(Beginning of Available data)
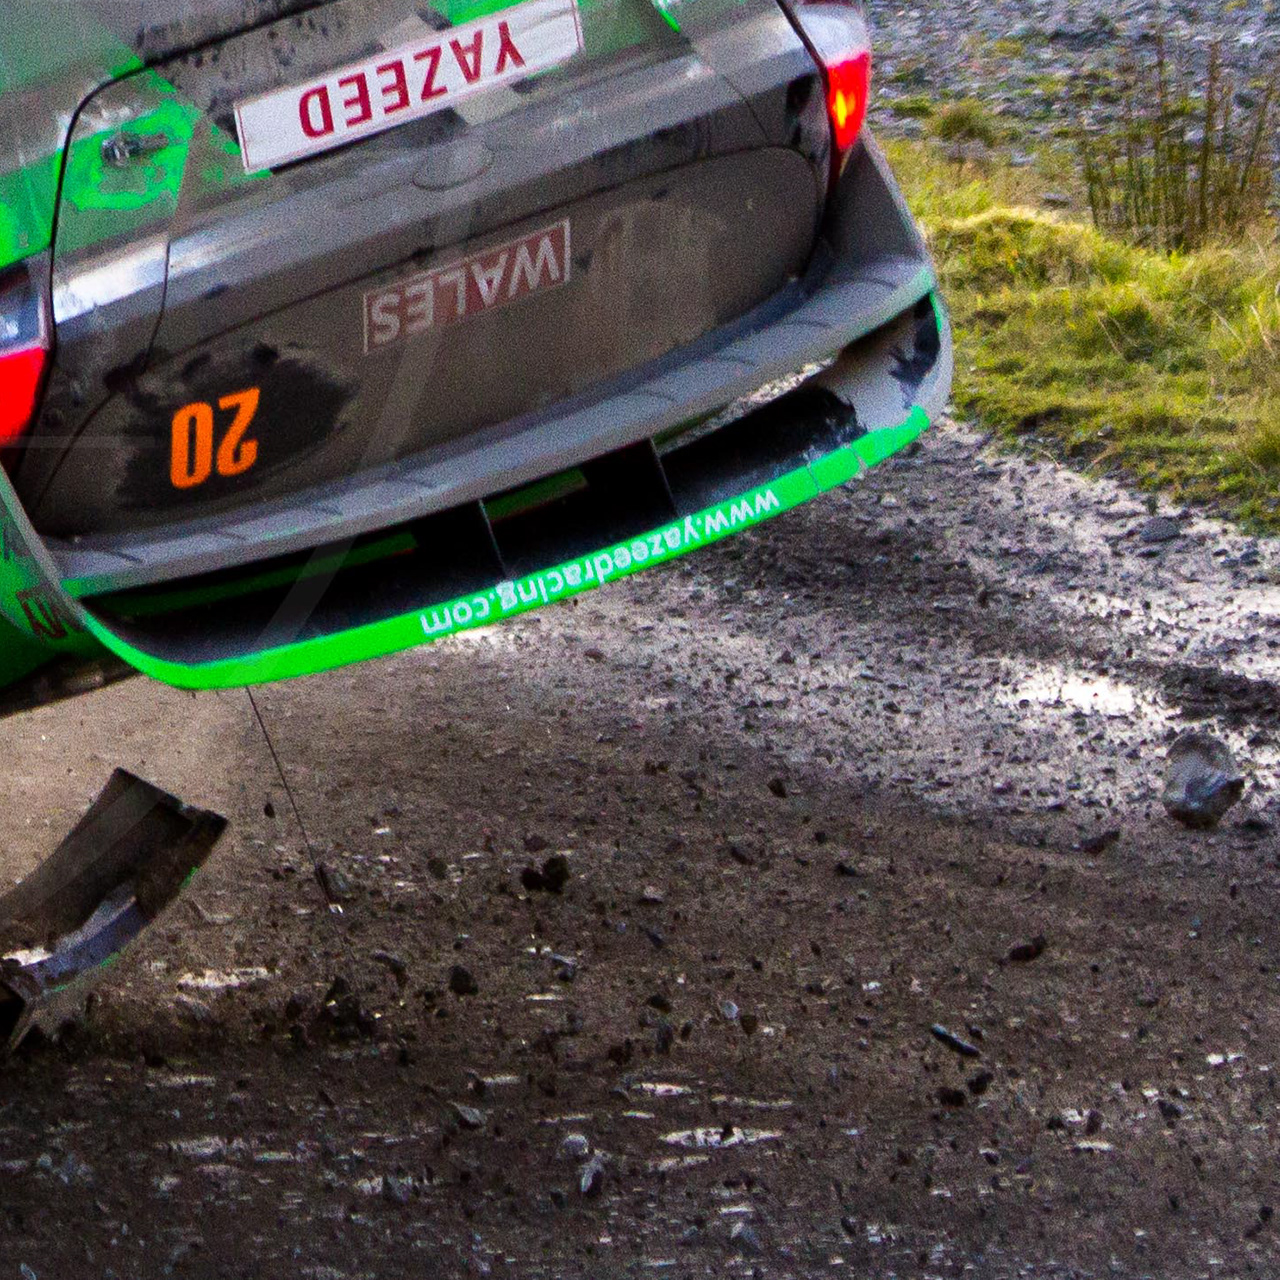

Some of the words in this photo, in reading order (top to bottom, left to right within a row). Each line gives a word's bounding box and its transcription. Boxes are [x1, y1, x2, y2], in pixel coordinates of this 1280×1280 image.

[299, 21, 526, 138] YAZEED
[371, 236, 560, 343] WALES
[171, 387, 261, 490] 20
[420, 489, 779, 634] www.yazeedracing.com
(End of Available data)
Exercise: A faithful copy is needed: reproduce all of the data above, leaving the pictures out.

Task solution:
Some of the words in this photo, in reading order (top to bottom, left to right within a row). Each line gives a word's bounding box and its transcription. Boxes are [x1, y1, x2, y2], in pixel coordinates of this 1280×1280 image.

[299, 21, 526, 138] YAZEED
[371, 236, 560, 343] WALES
[171, 387, 261, 490] 20
[420, 489, 779, 634] www.yazeedracing.com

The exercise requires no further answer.